Form 1095-C and 1095-B:
- Employers with more than 50 full-time employees need to report information regarding the health care eligibility and coverage for their employees on Form 1095-C (Employer-Provided Health Insurance Offer and Coverage).
- Employers with less than 50 full-time employees sponsoring self-insured group health plans will be required to file Form 1095-B (Health Coverage) to report information regarding the health care coverage for their employees.
Tax Cuts and Jobs Acts (TCJA) updates:
- Qualified Moving Expense Reimbursements Exclusion is no longer allowed during the tax years 2018-2025.
- Donated Leave–the allowance for employees donating their personal, sick or vacation leave days to qualified tax-exempt organizations helping victims of some specified, recent natural disasters, still applies in 2019.

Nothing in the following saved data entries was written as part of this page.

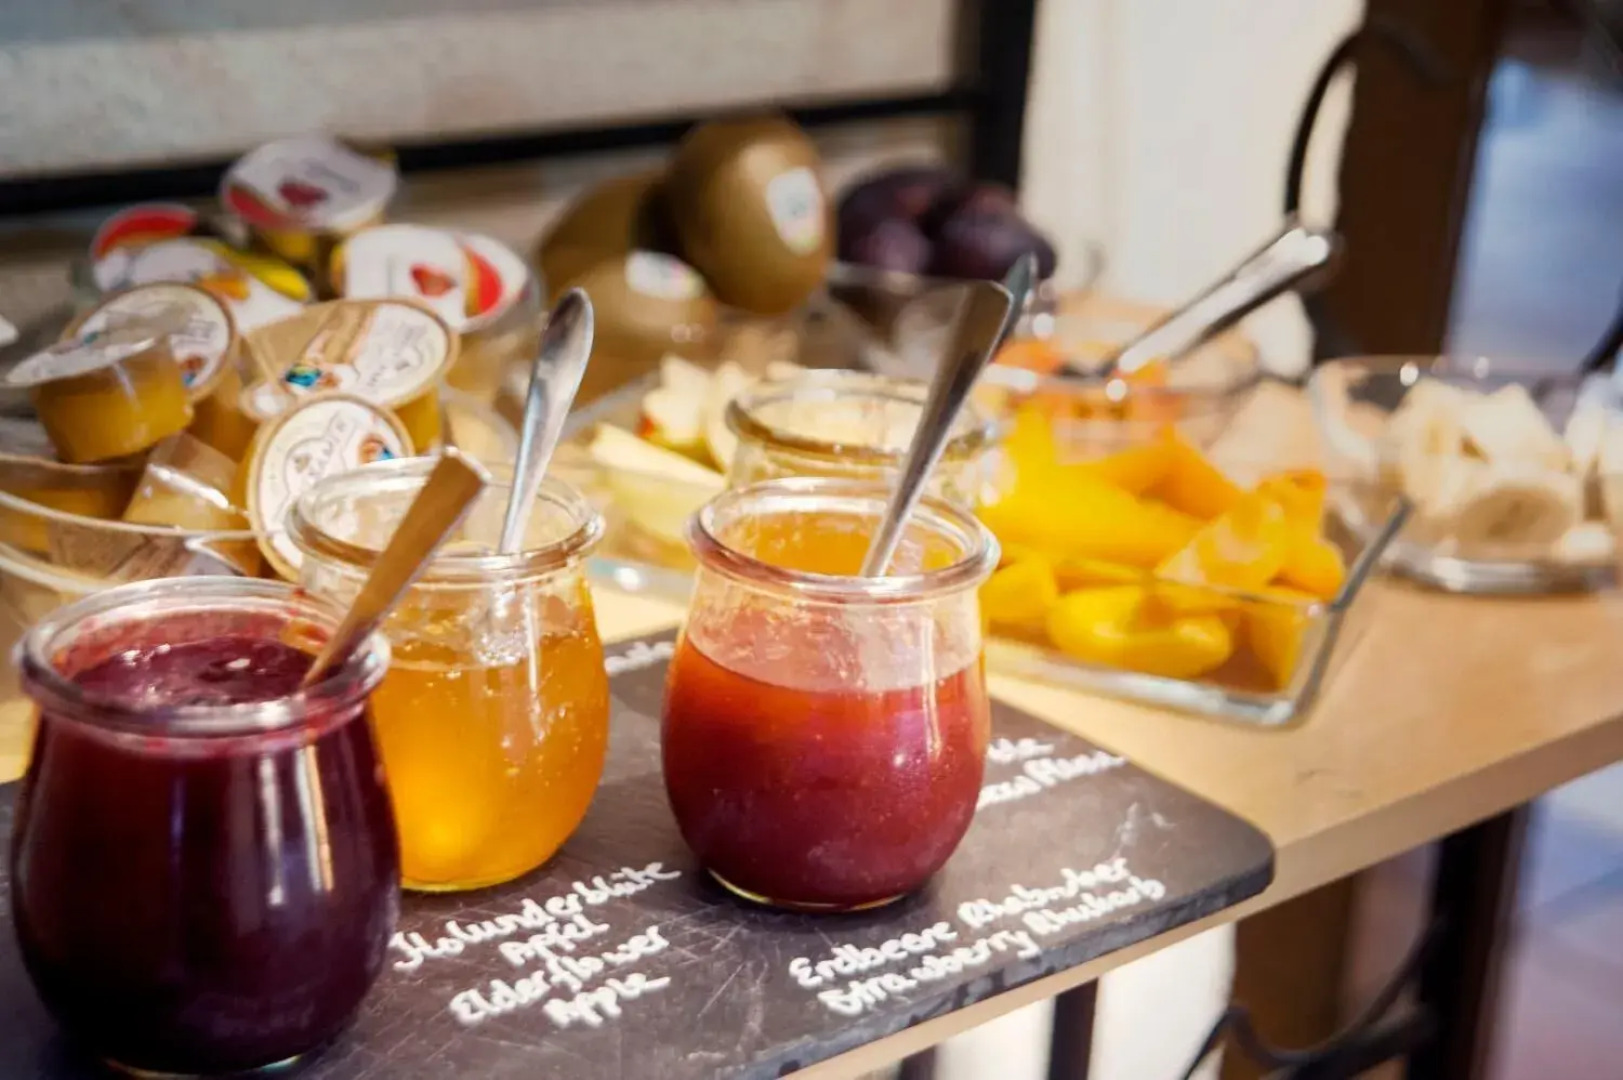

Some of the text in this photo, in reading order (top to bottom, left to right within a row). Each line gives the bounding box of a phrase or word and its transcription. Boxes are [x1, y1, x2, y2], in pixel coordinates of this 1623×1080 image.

[499, 913, 610, 967] Apfel
[789, 921, 958, 988] Erdbeere
[818, 875, 1166, 1016] Strawberry Rhubarb
[450, 924, 670, 1025] Elderflower
[543, 972, 672, 1028] Apple
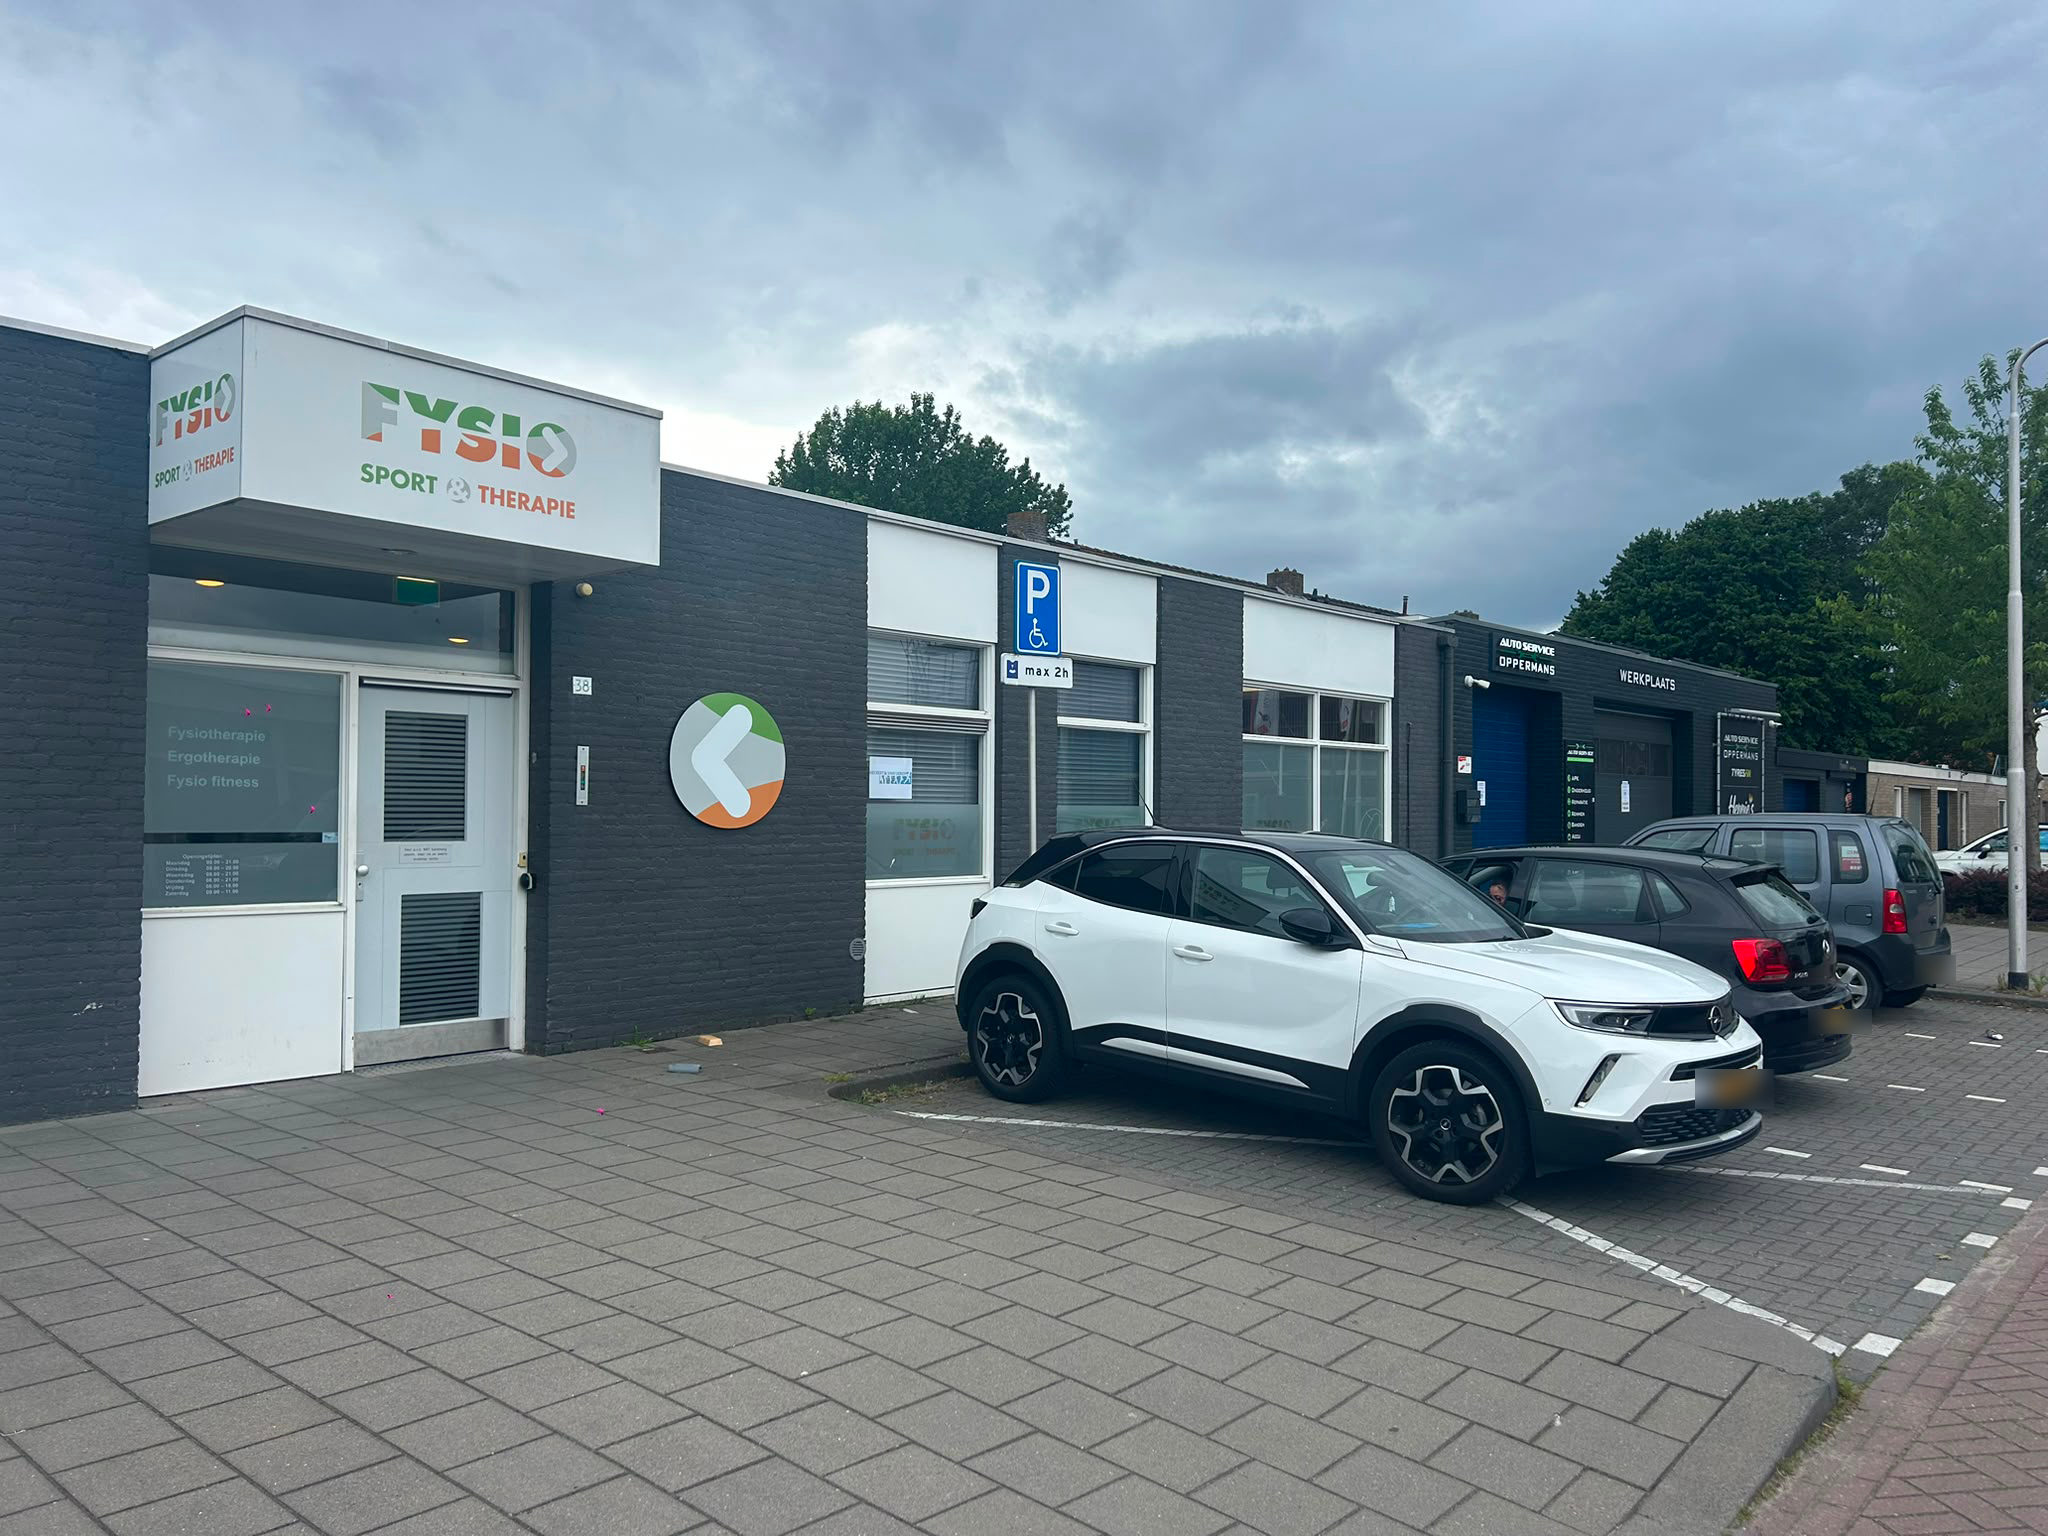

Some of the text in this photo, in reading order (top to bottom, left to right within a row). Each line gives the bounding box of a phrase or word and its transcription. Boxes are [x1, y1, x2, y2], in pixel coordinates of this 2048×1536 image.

[156, 373, 236, 447] FYSIO
[361, 380, 577, 478] FYSIO
[154, 466, 180, 488] SPORT
[194, 447, 235, 474] THERAPIE
[360, 463, 576, 519] SPORT & THERAPIE
[1026, 569, 1051, 615] P
[1500, 637, 1555, 657] AUTO SERVICE
[1025, 666, 1069, 679] max 2h
[1499, 656, 1556, 676] OPPERMANS
[574, 679, 590, 693] 38
[1619, 668, 1676, 692] WERKPLAATS
[168, 726, 266, 743] Fysiotherapie
[1738, 736, 1758, 745] SERVICE
[167, 750, 261, 766] Ergotherapie
[1723, 750, 1758, 760] OPPERMANS
[167, 774, 259, 790] Fysio fitness

- Qualified Equity Grants Reporting–The Internal Revenue Code (IRC) Section 83(i) covers “qualified equity grants” but comes with increased reporting requirements for eligible corporations with qualified plans. Generally, when stock from an exercise of a stock option or a stock grant is substantially vested, employees are required to recognize taxable income, and income tax withholding requirements apply. Note: In the case of a start-up business, this withholding burden often falls on the employee, which counteracts any incentive of the initial stock option or grant. Complex rules stipulate what companies are covered, employee notification requirements, and penalties if employees are not notified in a timely manner.
Amsden has written more in-depth on reporting requirements and exceptions and says that consulting with the appropriate accounting specialists can alleviate confusion and expedite the reporting process.